(Items listed in a dataset)
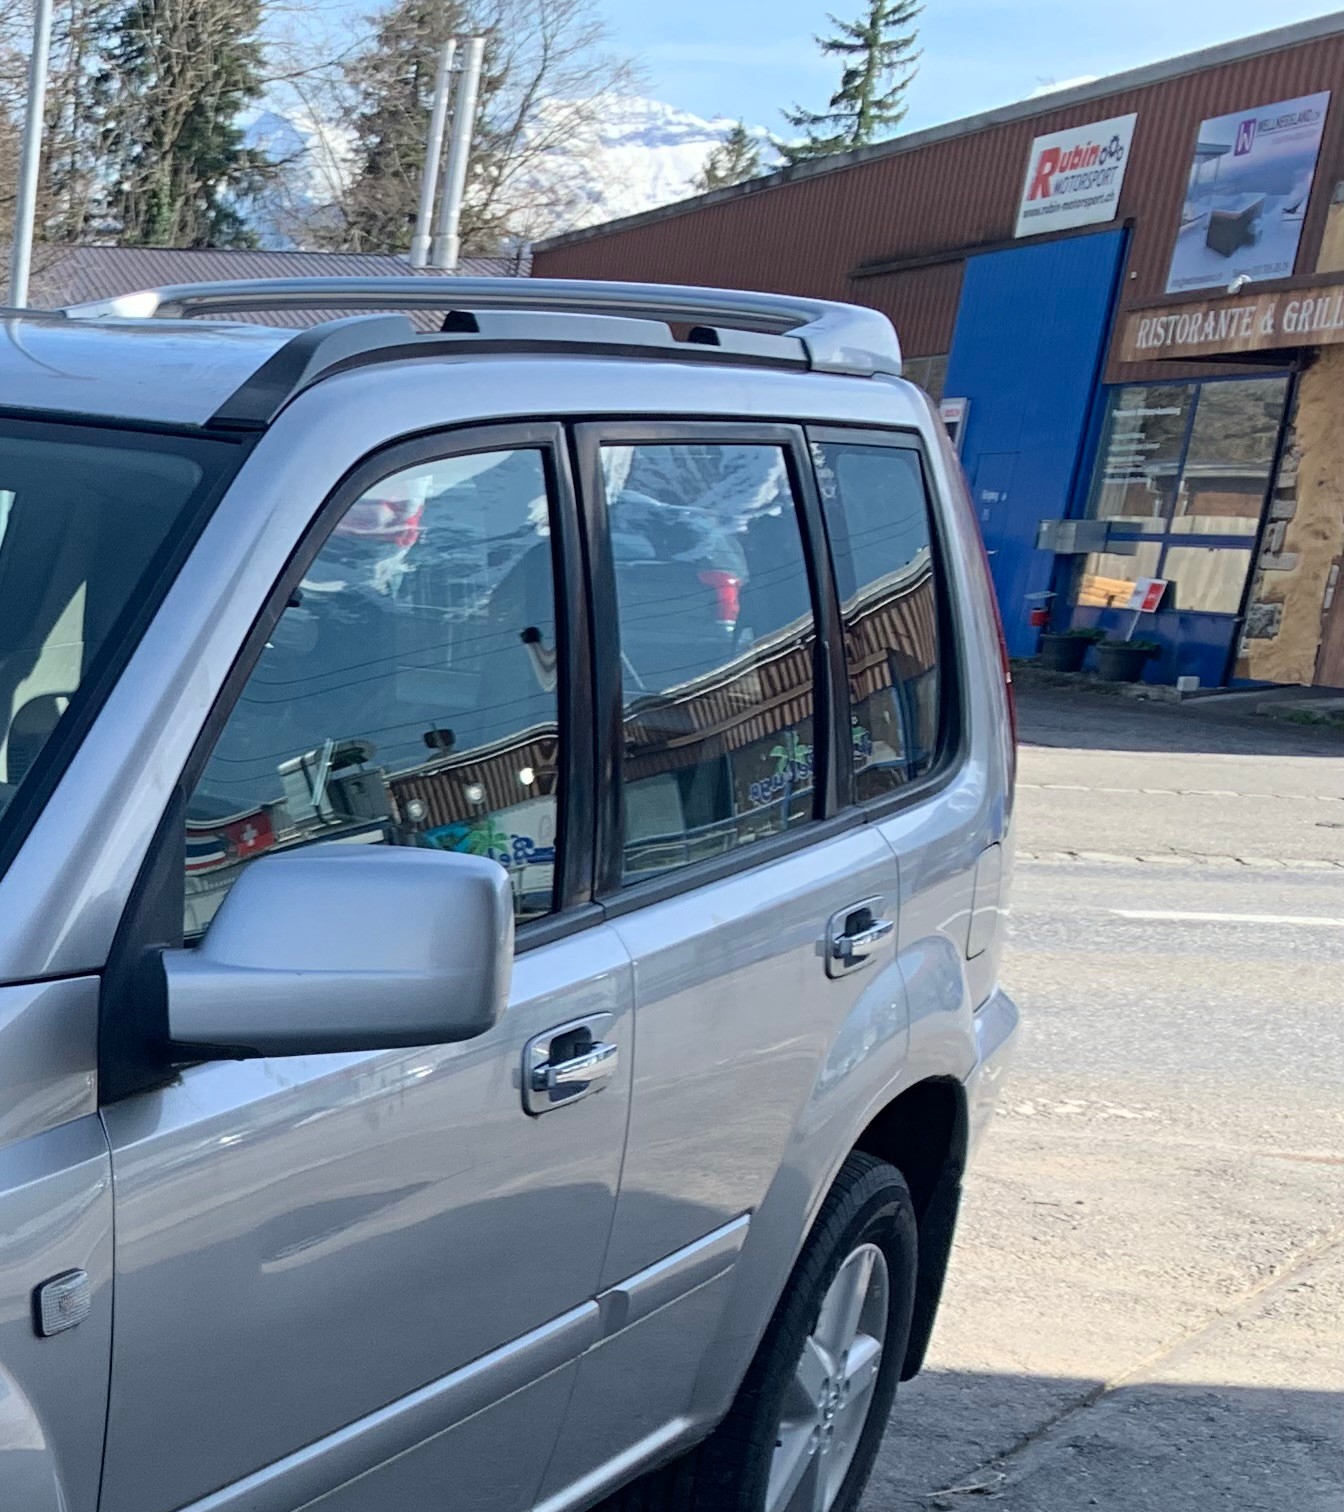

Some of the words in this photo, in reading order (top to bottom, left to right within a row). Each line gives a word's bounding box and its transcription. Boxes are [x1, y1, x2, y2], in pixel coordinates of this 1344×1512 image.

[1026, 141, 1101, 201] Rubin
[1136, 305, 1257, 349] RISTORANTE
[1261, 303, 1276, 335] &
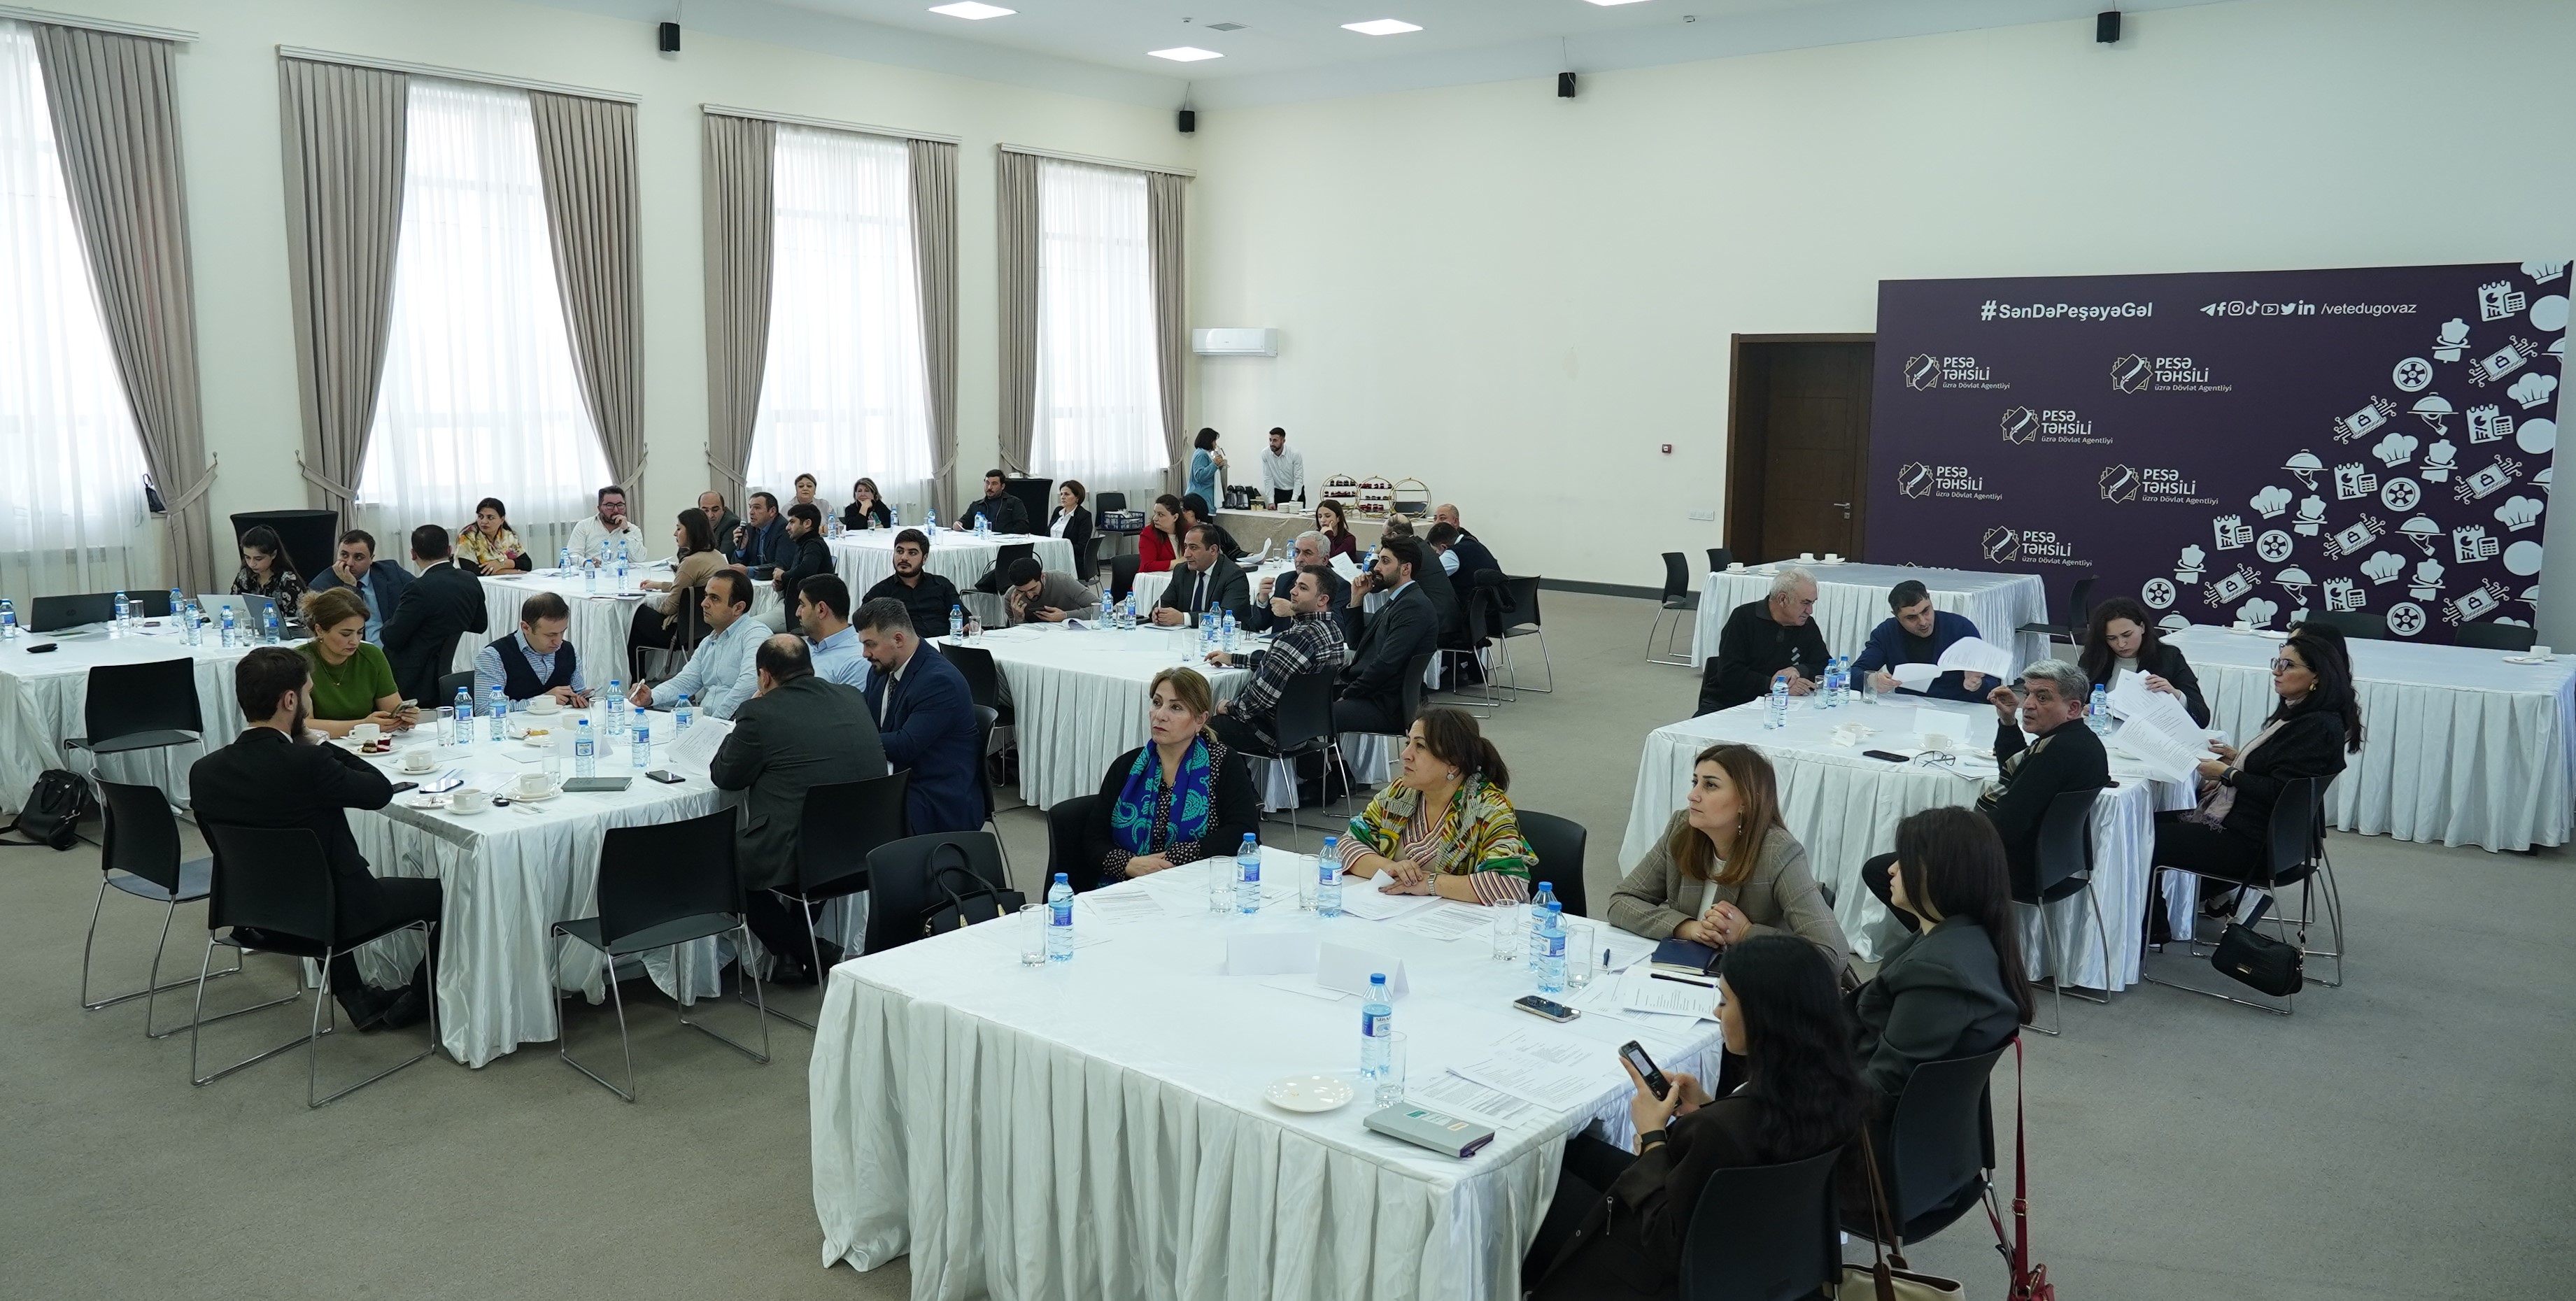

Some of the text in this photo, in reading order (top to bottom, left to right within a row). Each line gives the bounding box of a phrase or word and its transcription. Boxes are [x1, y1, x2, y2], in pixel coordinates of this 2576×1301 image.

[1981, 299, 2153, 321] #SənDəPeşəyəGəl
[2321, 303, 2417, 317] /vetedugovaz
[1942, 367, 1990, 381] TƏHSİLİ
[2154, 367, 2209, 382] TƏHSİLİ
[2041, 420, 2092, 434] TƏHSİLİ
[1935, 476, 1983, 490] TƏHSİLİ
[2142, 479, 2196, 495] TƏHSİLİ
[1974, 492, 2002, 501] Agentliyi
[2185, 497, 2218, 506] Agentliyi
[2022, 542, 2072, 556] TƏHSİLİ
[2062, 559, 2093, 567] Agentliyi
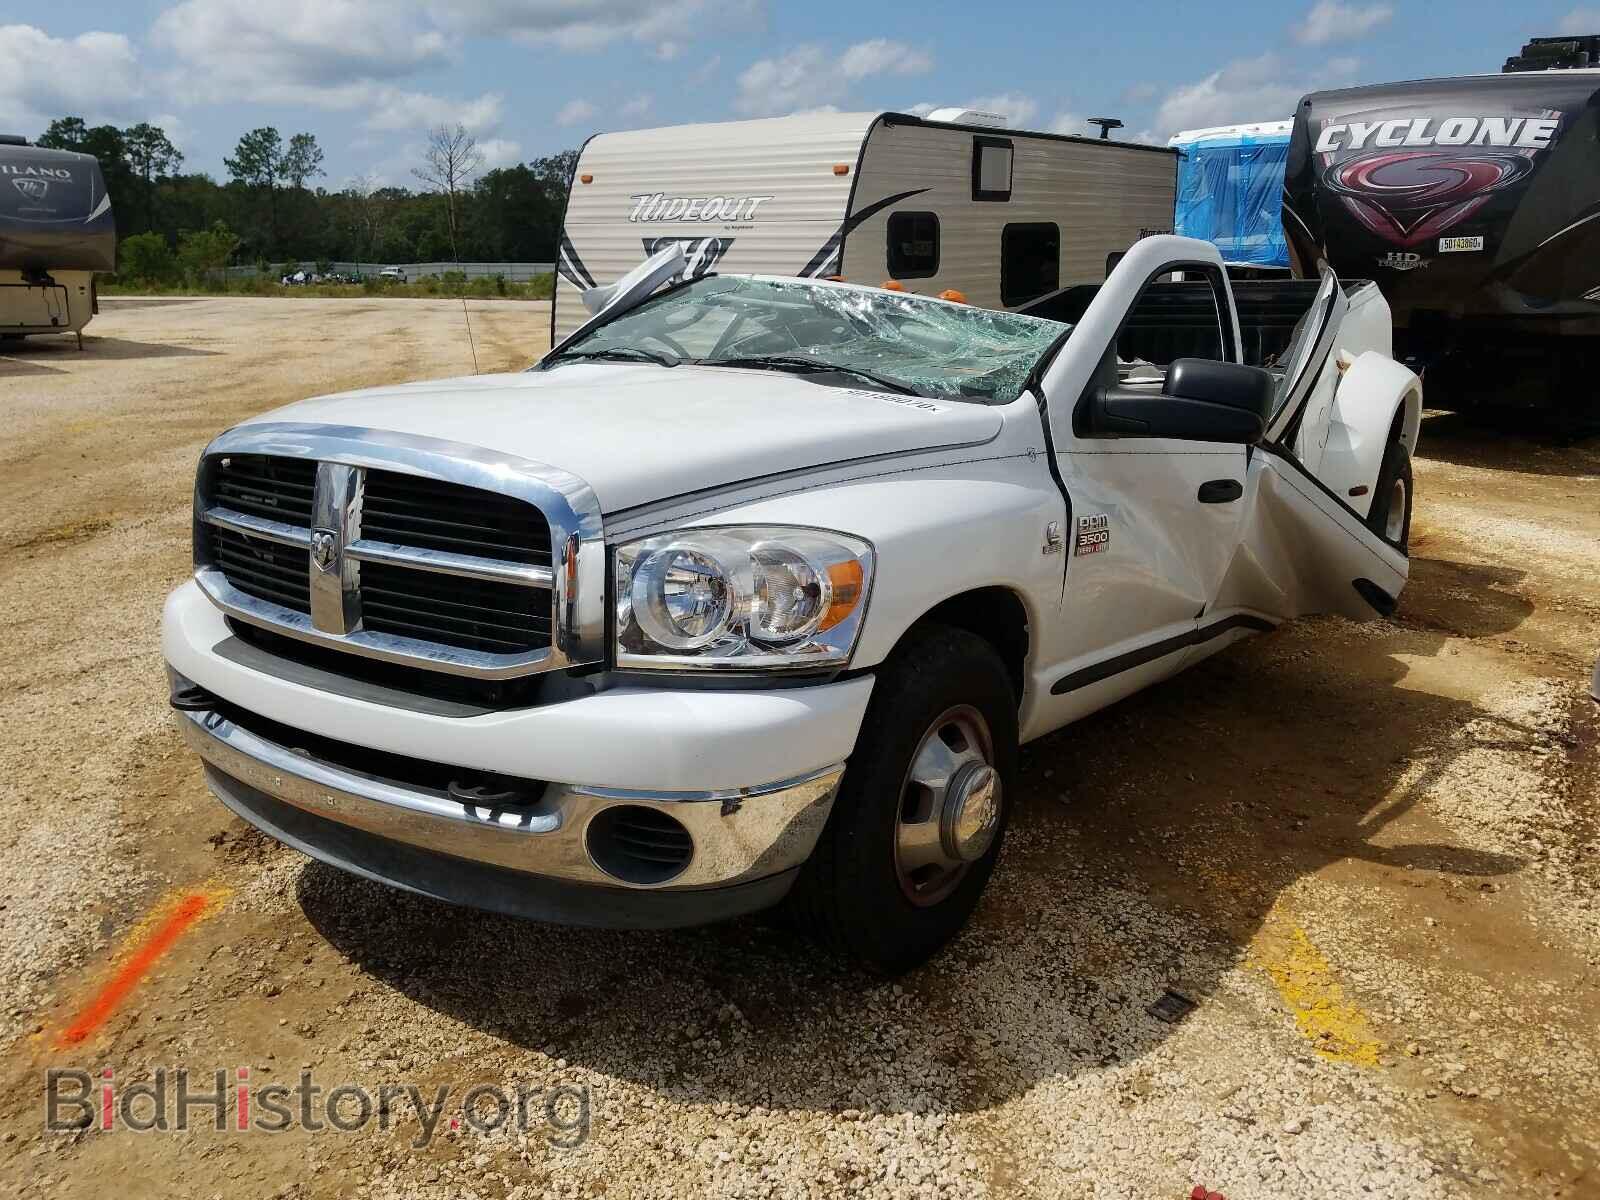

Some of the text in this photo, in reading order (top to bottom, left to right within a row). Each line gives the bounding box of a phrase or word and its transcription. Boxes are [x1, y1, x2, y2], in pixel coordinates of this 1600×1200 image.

**PROBLEM DETAILS**:
Starting at the line where "this 2576×1301 image." appears, restate every line through the end of the records above exactly, but omit the pictures.

**OUTPUT OF THE EXERCISE**:
Some of the text in this photo, in reading order (top to bottom, left to right within a row). Each line gives the bounding box of a phrase or word and its transcription. Boxes are [x1, y1, x2, y2], in pixel coordinates of this 2576×1301 image.

[1981, 299, 2153, 321] #SənDəPeşəyəGəl
[2321, 303, 2417, 317] /vetedugovaz
[1942, 367, 1990, 381] TƏHSİLİ
[2154, 367, 2209, 382] TƏHSİLİ
[2041, 420, 2092, 434] TƏHSİLİ
[1935, 476, 1983, 490] TƏHSİLİ
[2142, 479, 2196, 495] TƏHSİLİ
[1974, 492, 2002, 501] Agentliyi
[2185, 497, 2218, 506] Agentliyi
[2022, 542, 2072, 556] TƏHSİLİ
[2062, 559, 2093, 567] Agentliyi

Some of the text in this photo, in reading order (top to bottom, left to right within a row). Each line gives the bounding box of a phrase or word and its transcription. Boxes are [x1, y1, x2, y2], in pixel coordinates of this 1600×1200 image.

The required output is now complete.